This Is Why You Should PowerBI

Okay, so there are really about a thousand reasons why you should use PowerBI. I'm going to suggest one of my favorites, along with an example that, once again, makes use of some splendid NFL data from Armchair Analysis. If you haven't read my other BI blogs using this data* here's a quick summary: all the games from seasons 2000 through 2016, play by play. I loaded them into SQL Azure for some modeling and analysis, and now I'm using PowerBI for visualizations.

But wait! I'm not using PowerBI only for visualizations. Though I only intended to whip up some quick analysis aids for my stakeholders**, I ended up doing some data modeling, data cleanup, and data validation at the same time. And that's one major reason you should use PowerBI: one single tool facilitates end-to-end business intelligence, from data acquisition through modeling, analysis, and presentation.

This completeness has particular significance when you consider the increasing specialization of data roles. It's more and more common today for different people or teams to own data warehousing, automated reporting, and data science. It's also likely that non-IT departments have analytical data consumers, responsible for specific business subjects.

Figure 1. Very hard to read.

Quite often, analysts and data scientists need action to occur at a lower level of the data spectrum, but they don't have access (and often lack the skills) to change the underlying model. Or, they lack the time -- proper data management process likely means that change takes hours or days, and an analyst working at the speed of business might want to experiment now. I'm about to show you an example of how PowerBI facilitates this.***

 Recently I decided to look at the relationship between an NFL team's average drive time, average points scored per game, and likelihood of winning the game. One of the first charts I built (Figure 1) shows average drive time across the X axis, against average points scored on the Y axis. Problem is that the AvgDriveMinutes field is precise to fractions of minutes, and there are 4,522 games in this dataset. Two teams per game -- there are over 9,000 distinct values represented by those tiny lines.****

Figure 2: My data has been grouped into buckets. Or bins.

The answer here is to group those 9,044 values into buckets, of course. But if I'm in a large shop with isolated data roles, I probably have to submit a change request and wait for someone else to add these buckets to the underlying data. 

Instead, it took me about fifteen seconds to create buckets (bins) directly in the PowerBI data model. Check out Figure 2. (If you click on these images they'll expand for better viewing.)

Figure 3: Field added.

PowerBI did something else in the background: the report doesn't simply group AvgDriveMinutes; a new calculated field has been added to my data model. You can see "AvgDriveMinutes (bins)" in the field list (Figure 3.)

What's significant about this? The "AvgDriveMinutes (bins)" measure can now be used in other places in my report. You might have noticed that I'm already using it to limit the display in the main chart -- there are only 26 data points in the buckets for 4.5, 5.0, and 5.5 minutes, and I chose to filter those out. I'm using that field as a page filter; I'll demonstrate why in a future blog.

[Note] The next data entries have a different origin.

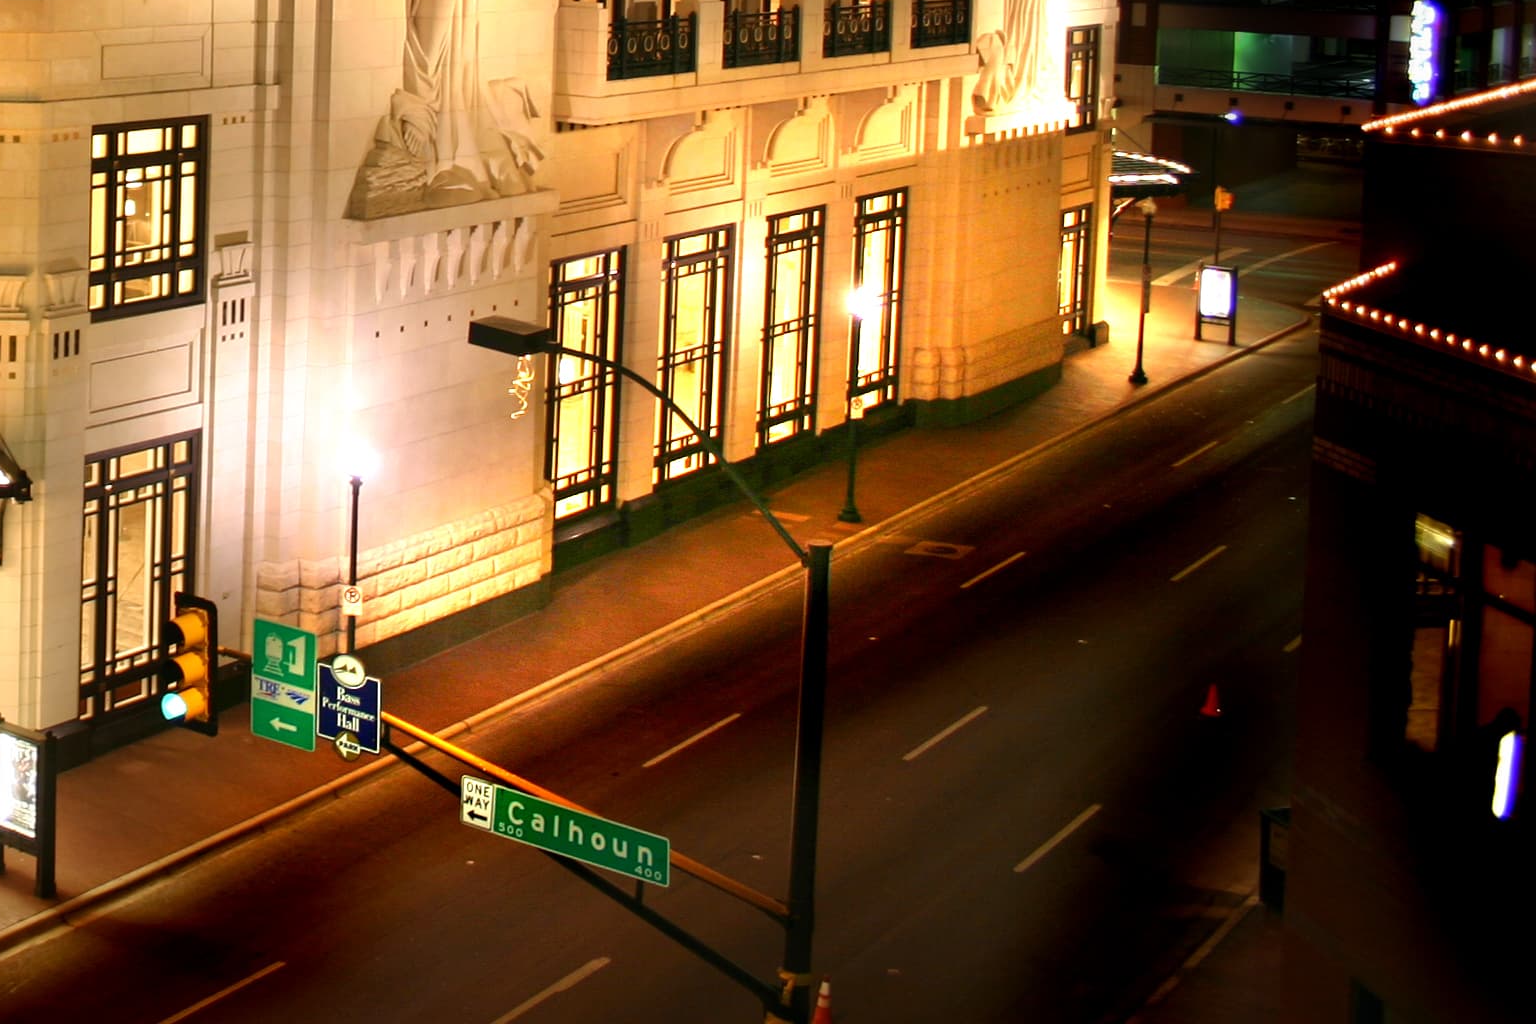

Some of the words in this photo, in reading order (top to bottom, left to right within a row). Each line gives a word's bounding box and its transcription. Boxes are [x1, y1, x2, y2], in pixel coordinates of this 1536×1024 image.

[337, 686, 361, 706] Bass
[322, 696, 376, 722] Performance
[337, 713, 360, 733] Hall
[339, 740, 359, 752] PARK
[467, 781, 491, 798] ONE
[464, 794, 490, 811] WAY
[498, 822, 523, 838] 500
[508, 801, 653, 867] Calhoun
[634, 865, 662, 881] 400
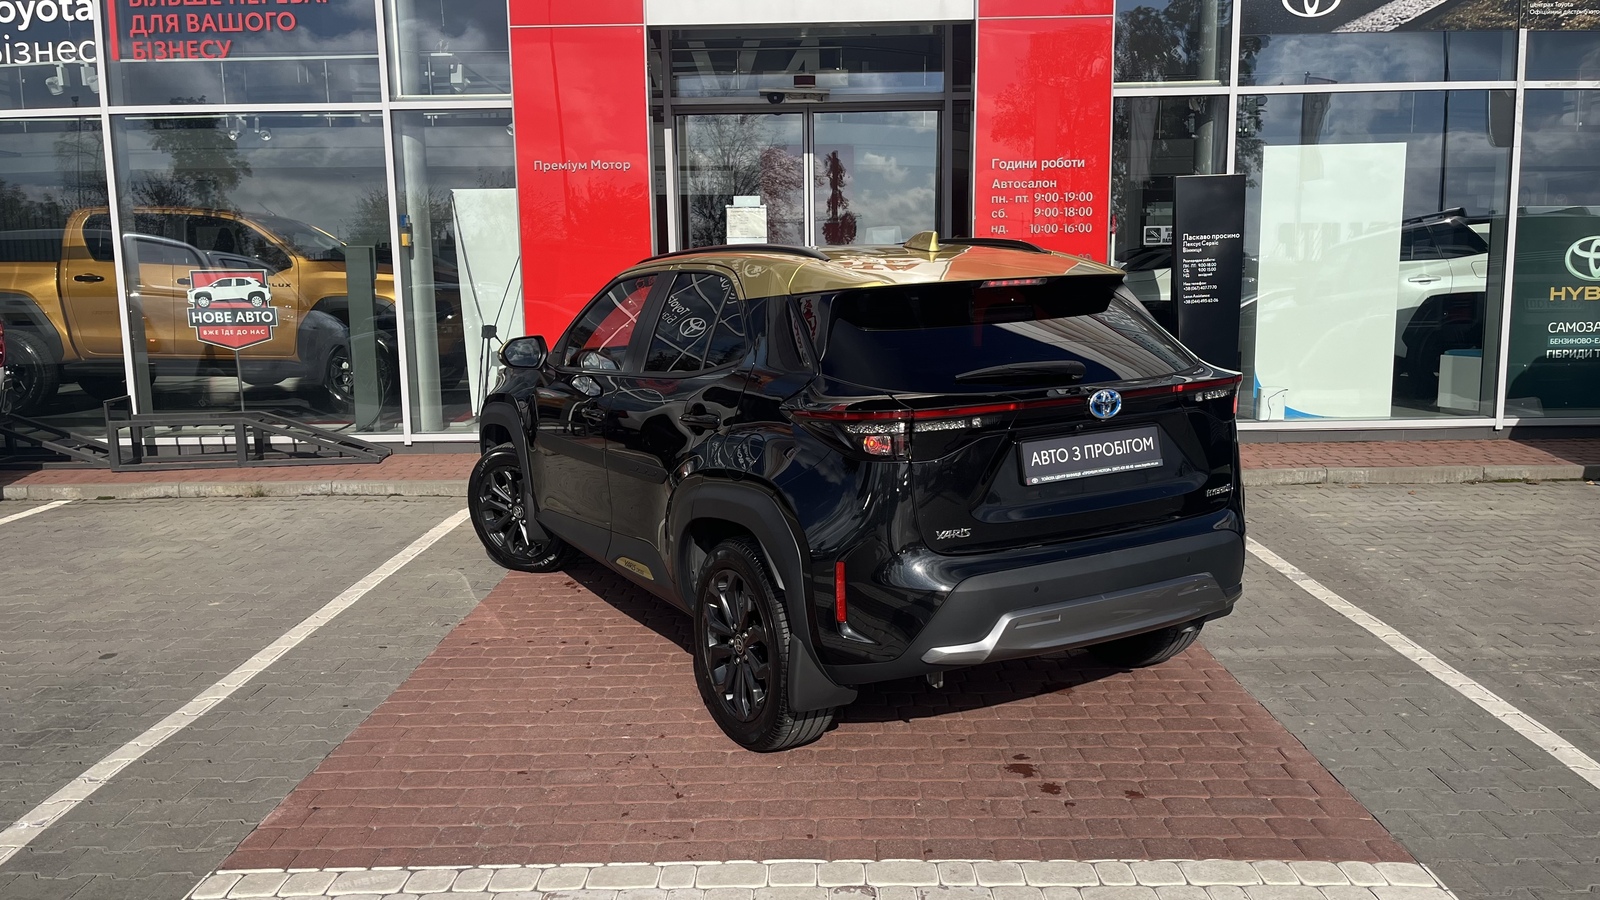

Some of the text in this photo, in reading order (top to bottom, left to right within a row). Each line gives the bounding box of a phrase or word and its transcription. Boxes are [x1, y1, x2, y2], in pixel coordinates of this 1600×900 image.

[130, 11, 296, 37] ДЛЯ ВАШОГО
[0, 34, 97, 64] ізнес
[132, 40, 232, 61] БІЗНЕСУ
[533, 160, 631, 173] Преміум Мотор
[991, 157, 1085, 171] Години роботи
[992, 179, 1057, 189] Автосалон
[1034, 192, 1093, 203] 9:00-19:00
[991, 207, 1093, 218] сб. 9:00-18:00
[991, 223, 1093, 235] нд. 10:00-16:00
[1183, 233, 1211, 241] Ласкаво
[192, 311, 273, 323] НОВЕ АВТО
[221, 328, 234, 336] ЇДЕ
[1546, 349, 1592, 359] ГІБРИДИ
[1031, 448, 1069, 467] АВТО
[1084, 436, 1154, 460] ПРОБІГОМ
[935, 527, 972, 541] YARIS
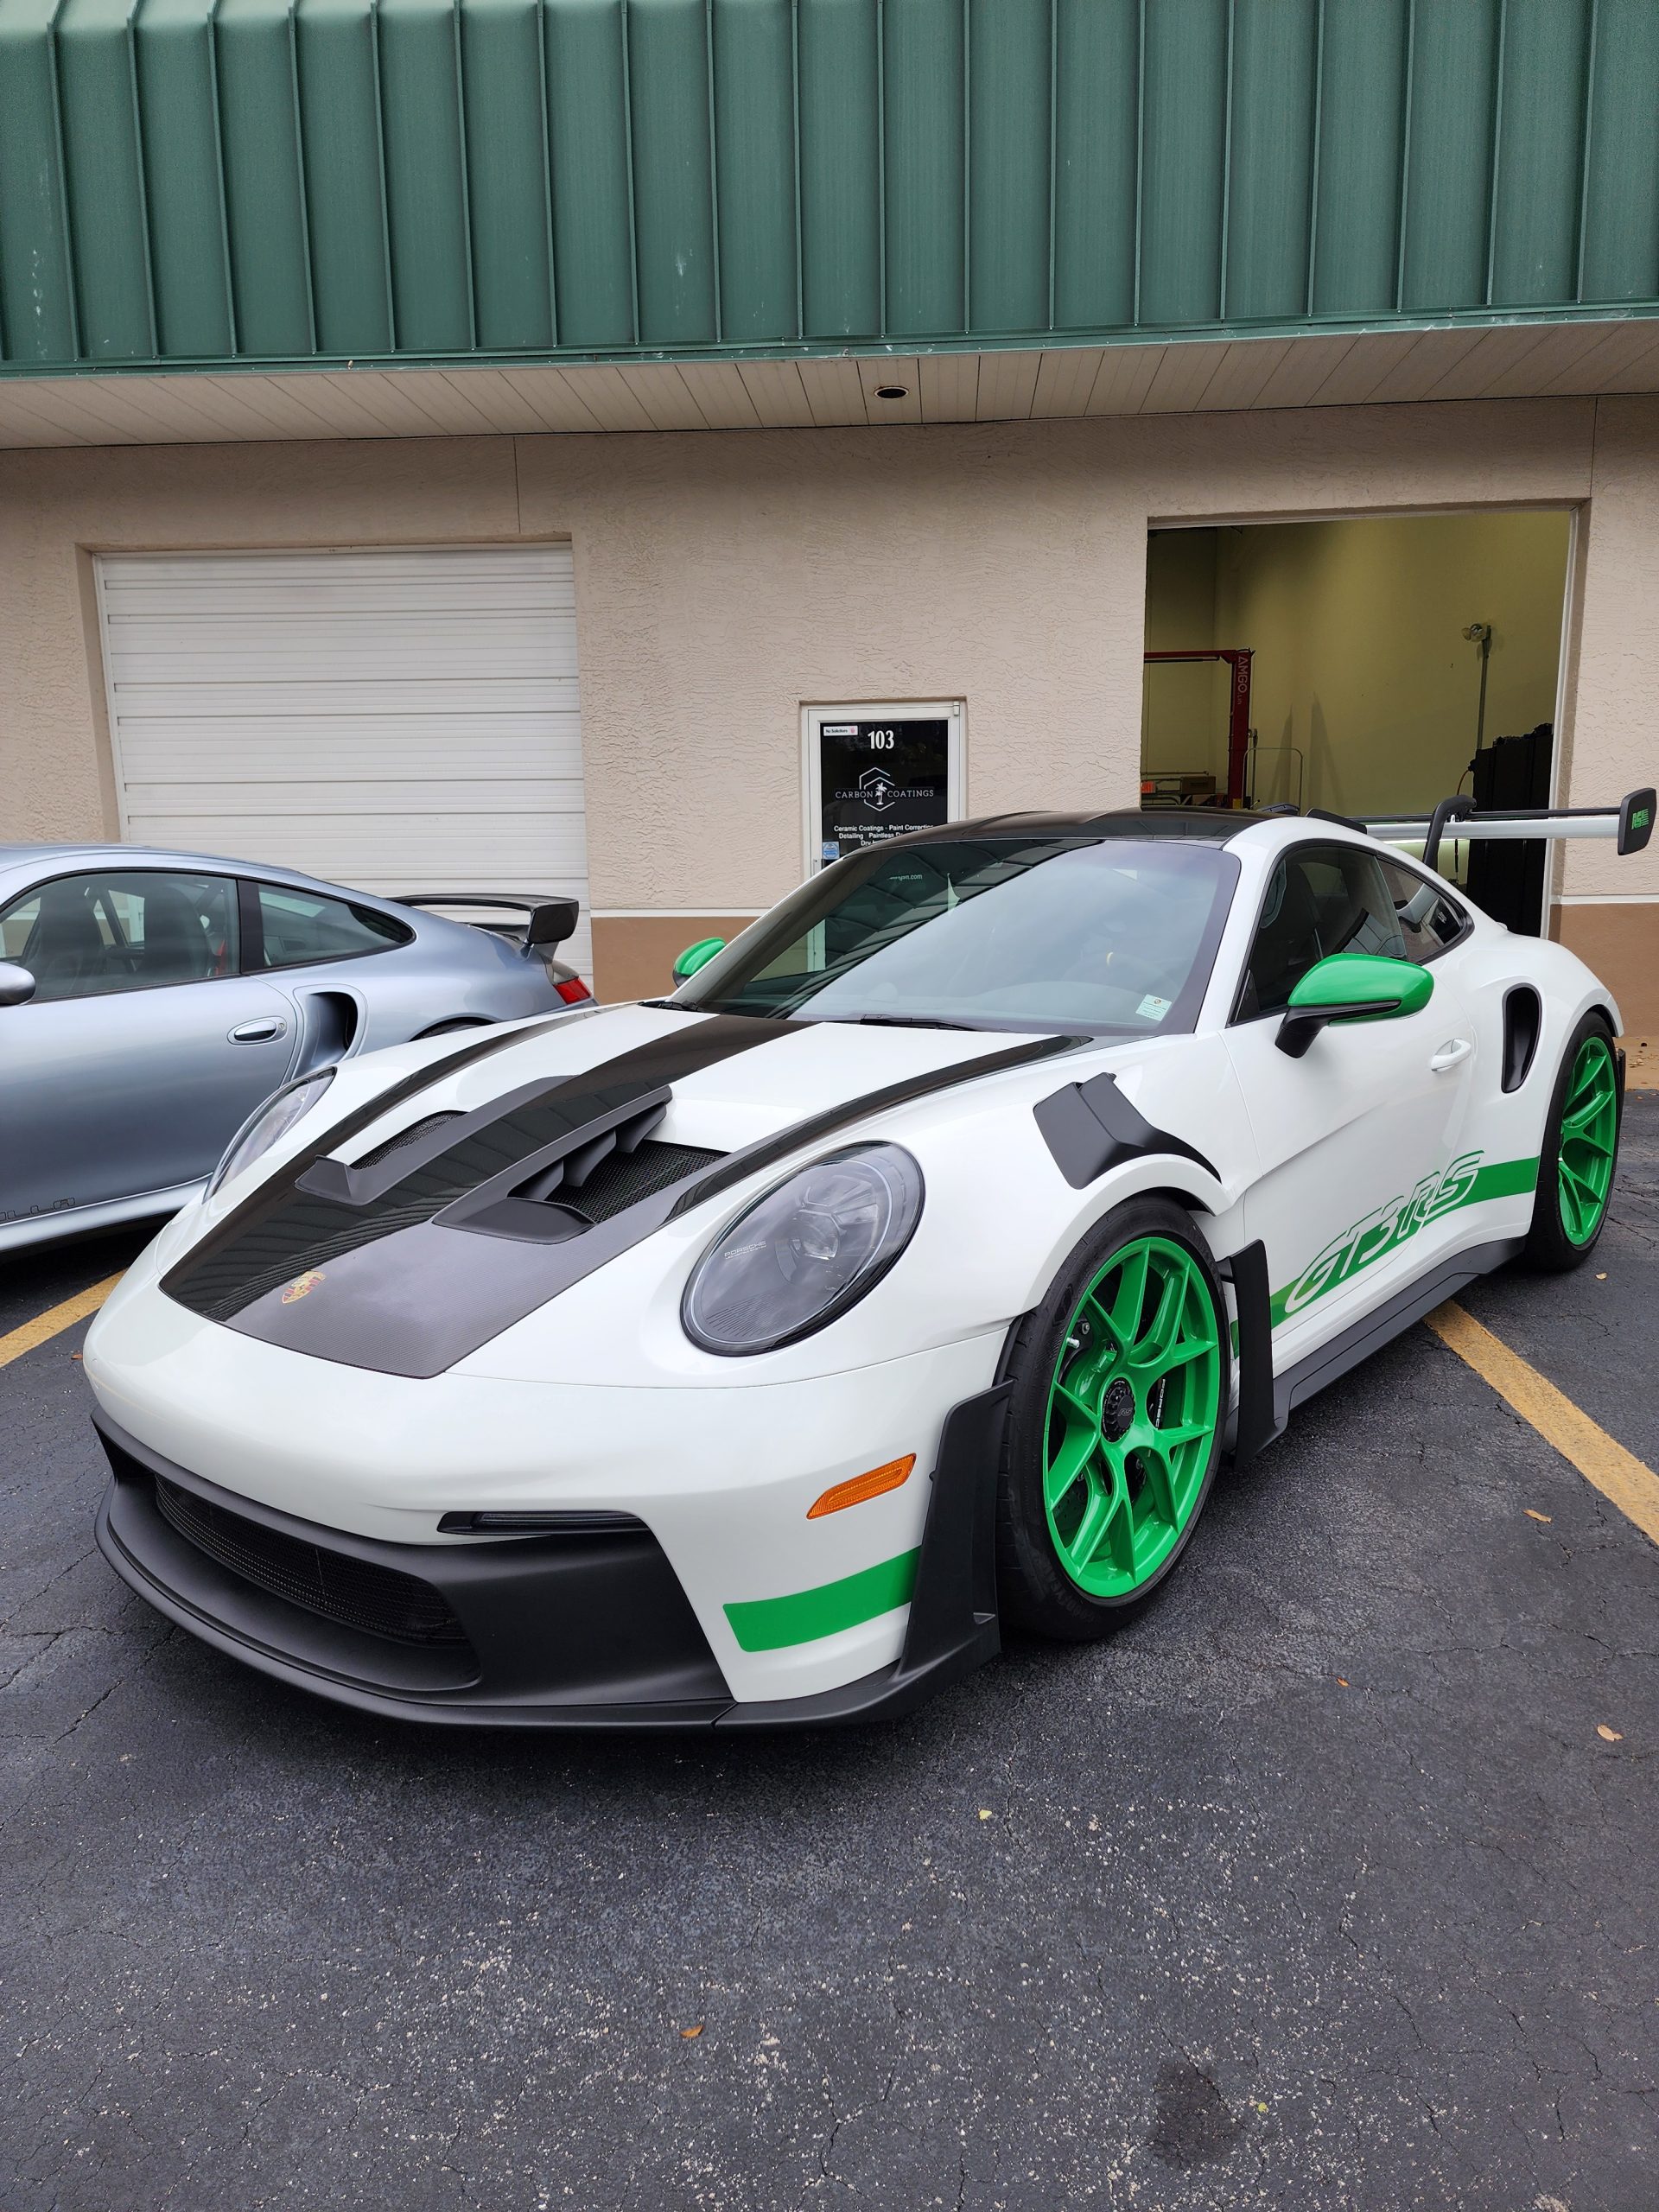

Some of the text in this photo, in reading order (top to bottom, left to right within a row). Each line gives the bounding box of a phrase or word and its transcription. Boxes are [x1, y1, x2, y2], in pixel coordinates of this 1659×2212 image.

For the "final" product, have a look at Figure 4. I've added a line showing the percentage chance of victory for teams with an average drive time in each bucket. I see an interesting insight here: as teams move from 1.5 minute drives to 4.0, average points only vary by a single touchdown (with extra point.) However, there's clearly a change in winning percentage for teams that average at least 2.5 minutes per drive. 

In my next blog I'll add an entire table to my data model on the fly, show some slicers, and we'll have a look at how this relationship changes during the playoffs.

Figure 4: Your team needs to average 2.5 minutes or more in drive time for an edge.


* If you haven't read them, go back and read them. Geez.

** The stakeholder list consists mainly of myself and Rob Garden, because I find this stuff quite interesting, and Rob actually calls and chats with me about it on occasion. Rob, tell your boss I said you're not being paid nearly enough.

*** Serious footnote for a change. Circumventing data management is certainly not a "best practice." In a later blog I'll address solid data practices versus agile business.

**** Did you find the error in Figure 1? Obviously, no one's average 60 points per football game. At least, not since early 1990s Texas A&M. When I took the screenshot for Figure 1, I hadn't yet tweaked the aggregation for average points scored.